May 22, 2020
Recent significant revenue downgrades, primarily, if not exclusively, driven by the COVID-19 crisis, forced Governor Scott this week to introduce a modified, “skinny,” budget proposal to cover the first three months of fiscal year 2021, which begins July 1, 2020. This is an all-text budget, meaning there are no line items. Gov. Scott’s FY ’21 budget proposal introduced in January to cover the entire fiscal was deemed unworkable due to the COVID-19 crisis.
State economists advised the administration that State spending is predicated on revenue forecasts, and, right now, they don’t have a clear picture of how the recession will impact Vermont in the next few months. The administration and lawmakers listened and agreed to a short-term budget with minimal policy changes until the state’s revenue picture is clearer.
Budget Calls For 8% Reduction In State Spending
The budget proposal being floated instructs State agencies and departments to spend 23% of the FY20 spending for the first quarter of FY21. A reduction in annual spending from 25% to 23% translates to state agencies and departments having to reduce their spending in the first quarter of FY21 by 8% from the previous year. The cut comes as agencies and departments are experiencing caseload increases due to the COVID-19 pandemic and a revenue loss of 12% due to the recession the crisis has caused. Vermont’s beleaguered State College system is also not immune from the 8% cut.
The implications of the proposed budget cuts are not yet fully clear, but I would note that the State has already implemented a hiring freeze on all positions that are not working directly on the COVID-19, and it’s because these positions are ineligible for reimbursement under federal CARES ACT. While some State agencies and departments may be able to absorb some or all of the additional cut by delaying projects, many others will struggle with the mandate, especially while experiencing increased caseloads and understanding the additional budget pressure that is coming July 1, when their VSEA employees receive a negotiated lump-sum payment.
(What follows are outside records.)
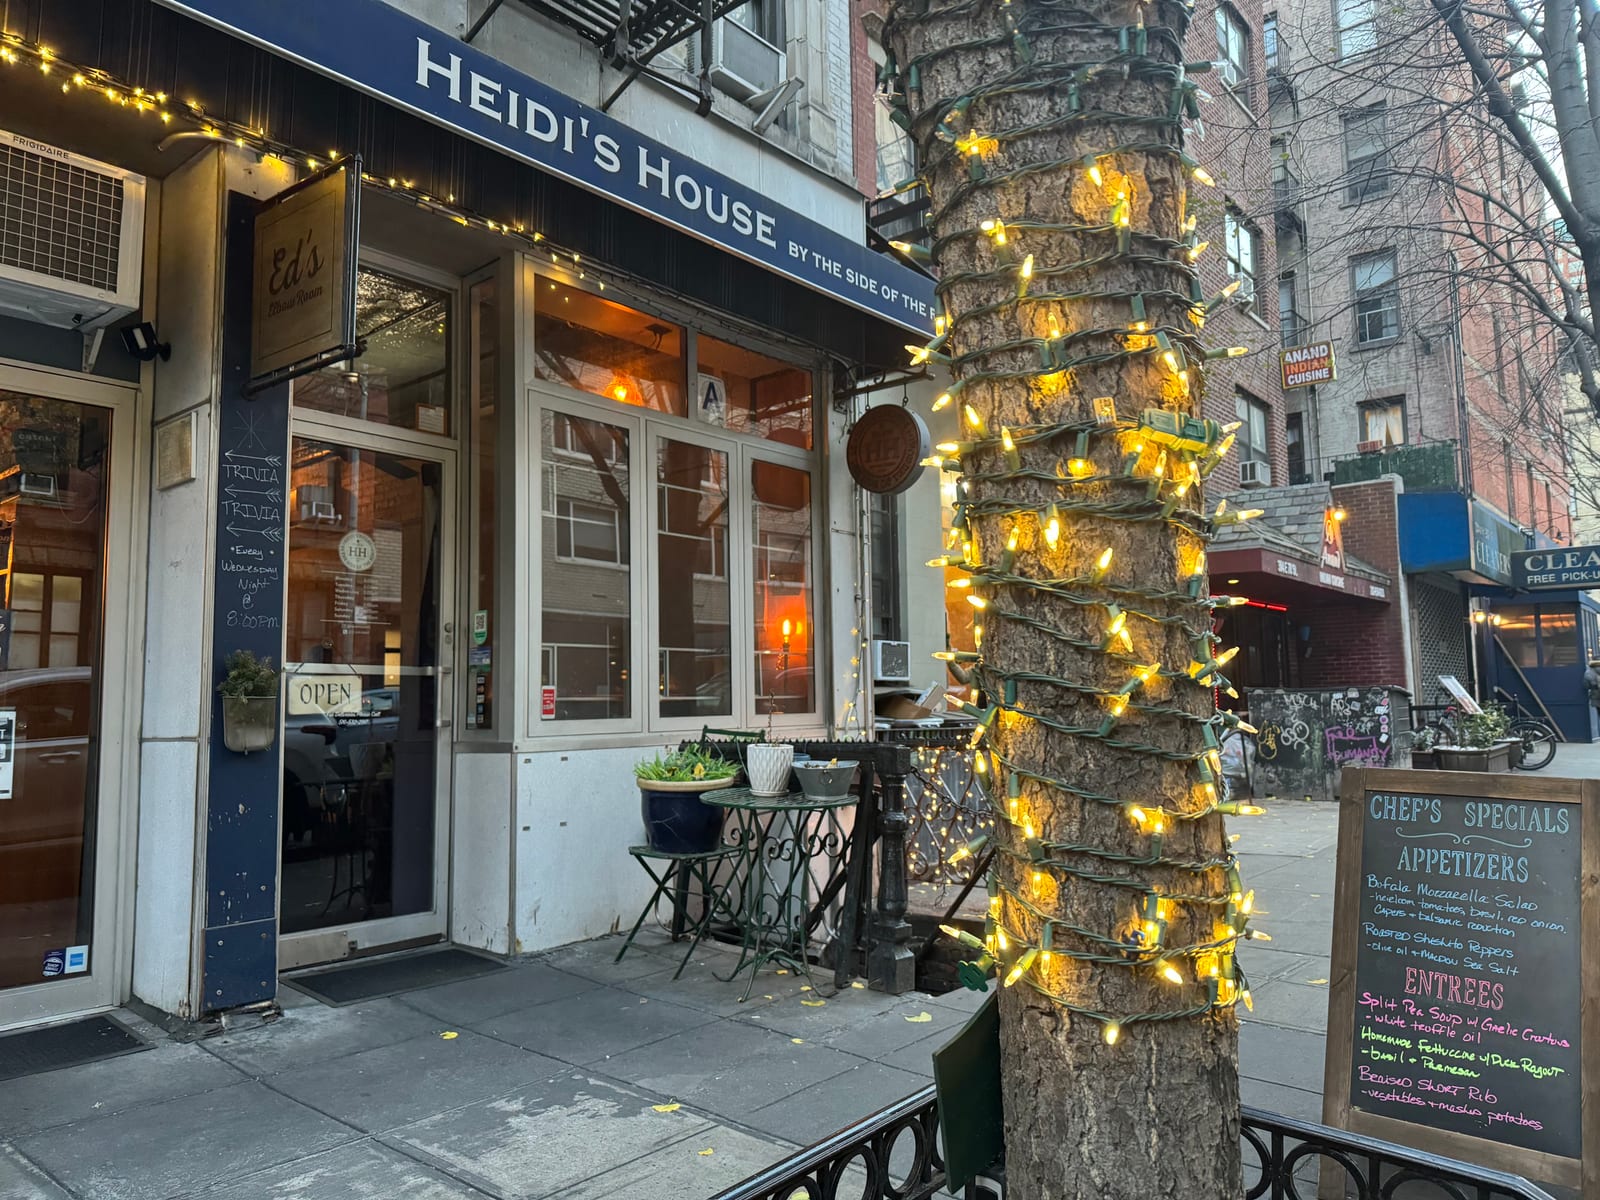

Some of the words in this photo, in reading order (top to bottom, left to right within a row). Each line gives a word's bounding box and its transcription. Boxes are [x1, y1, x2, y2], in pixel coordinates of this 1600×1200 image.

[12, 135, 70, 159] FRIGIDAIRE
[415, 36, 622, 173] HEIDI'S
[637, 145, 777, 250] HOUSE
[788, 239, 809, 262] BY
[812, 252, 842, 279] THE
[846, 268, 879, 295] SIDE
[881, 285, 899, 303] OF
[902, 293, 927, 317] THE
[268, 228, 325, 296] Ed's
[1285, 344, 1329, 363] ANAND
[1286, 356, 1329, 375] INDIAN
[1287, 367, 1330, 386] CUISINE
[702, 381, 721, 410] A
[222, 463, 280, 484] TRIVIA
[221, 500, 281, 522] TRIVIA
[348, 546, 367, 558] HH
[238, 578, 271, 595] Night
[1527, 573, 1556, 585] FREE
[300, 682, 352, 706] OPEN
[1369, 794, 1442, 824] CHEF'S
[1464, 801, 1569, 834] SPECIALS
[1396, 845, 1529, 884] APPETIZERS
[1467, 940, 1515, 959] Peppers
[1488, 962, 1519, 976] Salt
[1404, 966, 1504, 1011] ENTREES
[1358, 992, 1398, 1012] Split
[1402, 999, 1425, 1017] Pea
[1428, 1006, 1463, 1028] Soup
[1462, 1031, 1481, 1044] oil
[1468, 1085, 1498, 1104] Rib
VSEA will be providing regular budget updates to members as we learn more specifics in this rapidly evolving an unprecedented budgeting process.
Federal CARES ACT
Vermont’s House and Senate Appropriations committees will be working the next few weeks to identify areas of state spending where the state can legally replace state revenues with federal CARES ACT funds, but the opportunities are limited by the fed’s strict regulations on how and to whom the COVID-19 relief funds can be allocated. Currently, the funds can only be used for COVID-19-related expenses and cannot be used to backfill state revenue losses caused by the recession.
Budget Scenario Worsens Without Federal Assistance
Vermont, like all other states, desperately needs additional federal support, coupled with a loosening of the restrictions to receive federal funds. If Vermont does not receive additional state support, the results will be catastrophic for state government and for our communities. There are a historic number of Vermonters unemployed today, and the State should not be adding numbers to our unemployment rolls by laying off state employees. And with so many Vermonters in need right now, many of our communities could be devastated further by program/service cuts.
It’s time for Vermont’s legislature to explore securing additional revenue from those in our state who can most afford it. It’s also time to tap Vermont’s relatively significant reserves while we wait for federal action.